Right... So let me see if I understand Amazon correct: 
Size matters then?

Hm, interesting. In that case:
a) Does that mean that long poems are better than short ones, then? 
b) Or that a seven minute long song is better than a three minutes long song?
c) A large painting is more beautiful than a small one? 
(-Somebody call Paris and tell them to stop exhibit Mona Lisa immediately! 
The painting is too small, no one wants to see it!)

I had no idea, but I am sure Amazon is right, as always.

Since I write Victorian romance and erotica short stories by longhand (which by the way takes forever) I will be hit hard by this.
I know that many of my short stories are short and I think that is pretty clear for the customer: 
A _short_ story should be just that: _Short. _(The name sort of indicates that, yes?)

Most of my readers seems to get that and just to be on the safe side I always state the word count in the description, 
plus that Amazon add the "approximately word count". I really do not think that any returns have anything to do 
with a surprised reader going "Huh? But, dude, it's a short story!" and then return it.
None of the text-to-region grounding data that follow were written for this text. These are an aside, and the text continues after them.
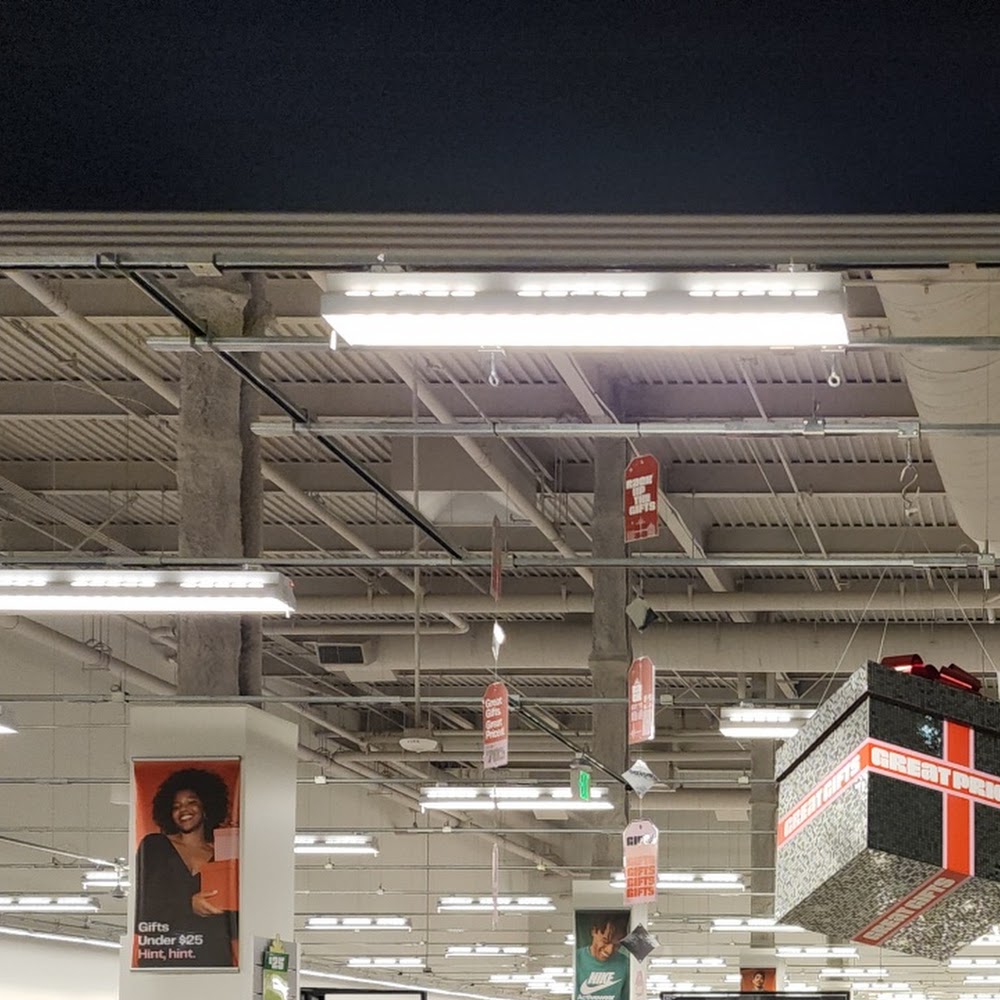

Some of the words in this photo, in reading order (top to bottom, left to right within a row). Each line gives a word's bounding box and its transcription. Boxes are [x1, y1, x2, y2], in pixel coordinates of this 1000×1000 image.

[628, 501, 656, 515] GIFTS
[871, 748, 951, 787] GREAT
[822, 754, 861, 803] GIFTS
[627, 866, 655, 876] GIFTS
[627, 877, 654, 887] GIFTS
[627, 887, 654, 898] GIFTS
[138, 922, 169, 933] Gifts
[138, 935, 176, 946] Under
[178, 934, 204, 946] $25
[138, 948, 166, 961] Hint,
[168, 948, 196, 959] hint.
[588, 972, 615, 985] NIKE
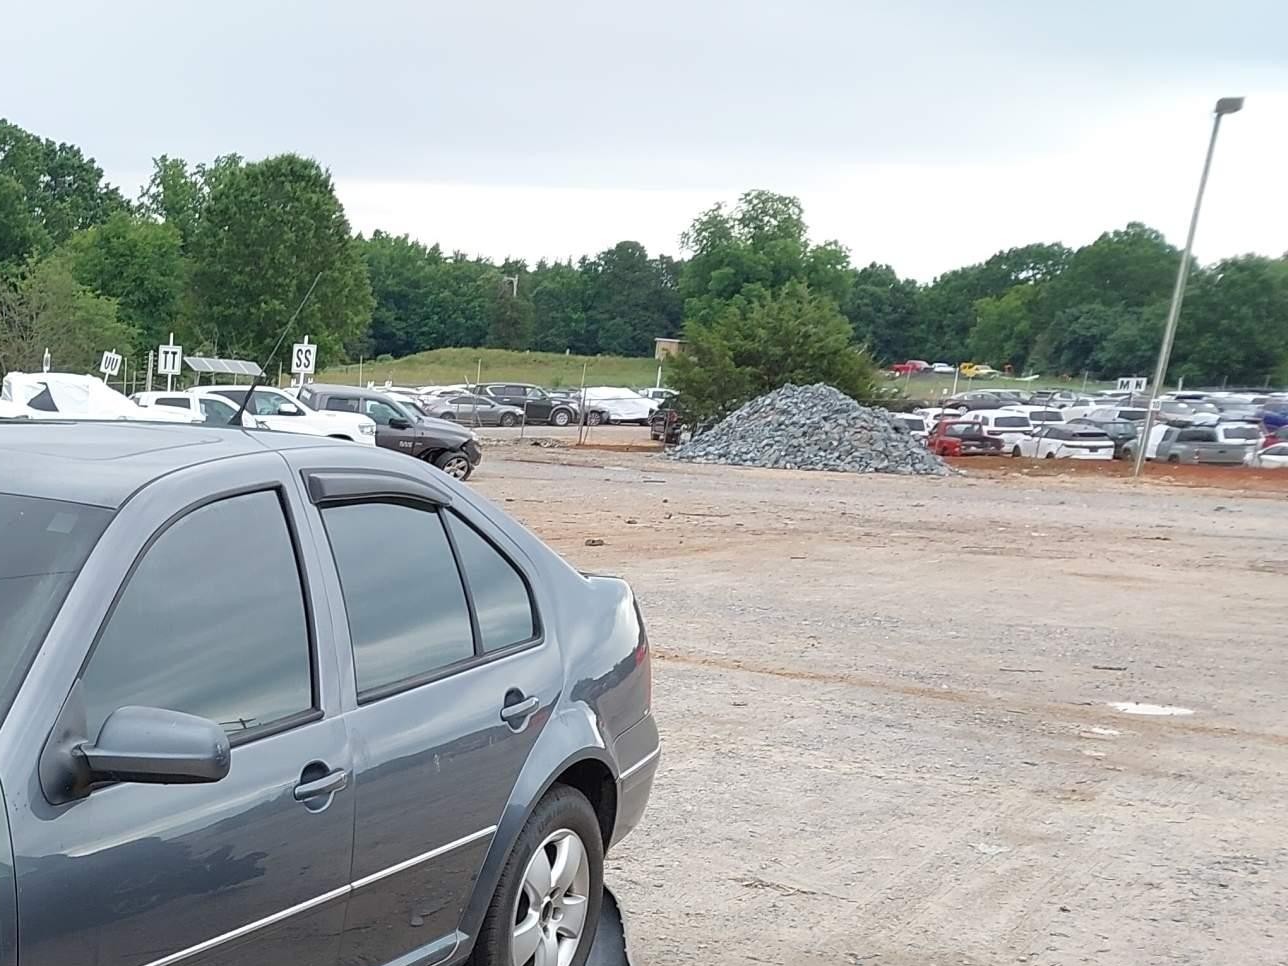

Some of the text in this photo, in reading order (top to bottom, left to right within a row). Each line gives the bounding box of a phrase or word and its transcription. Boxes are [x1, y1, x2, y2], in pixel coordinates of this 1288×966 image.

[104, 355, 119, 372] UU
[163, 350, 177, 370] TT
[295, 348, 312, 368] SS
Several of my covers have already been flagged as "Adult" (including the apparently "offensive" cover 
of my latest short story (bottom left in my signature tag, but do not look unless you are +18 years!).

So, yeah. In summary: Well played Amazon. 
Thanks for the dagger in the back and for severely reducing mine and other hard-working authors' sales.

Now excuse me while I scream in frustration and then I will go and make a nice cup of tea and start writing for the day. 
(Hm, I wonder if this is why authors suddenly kill their main character..?)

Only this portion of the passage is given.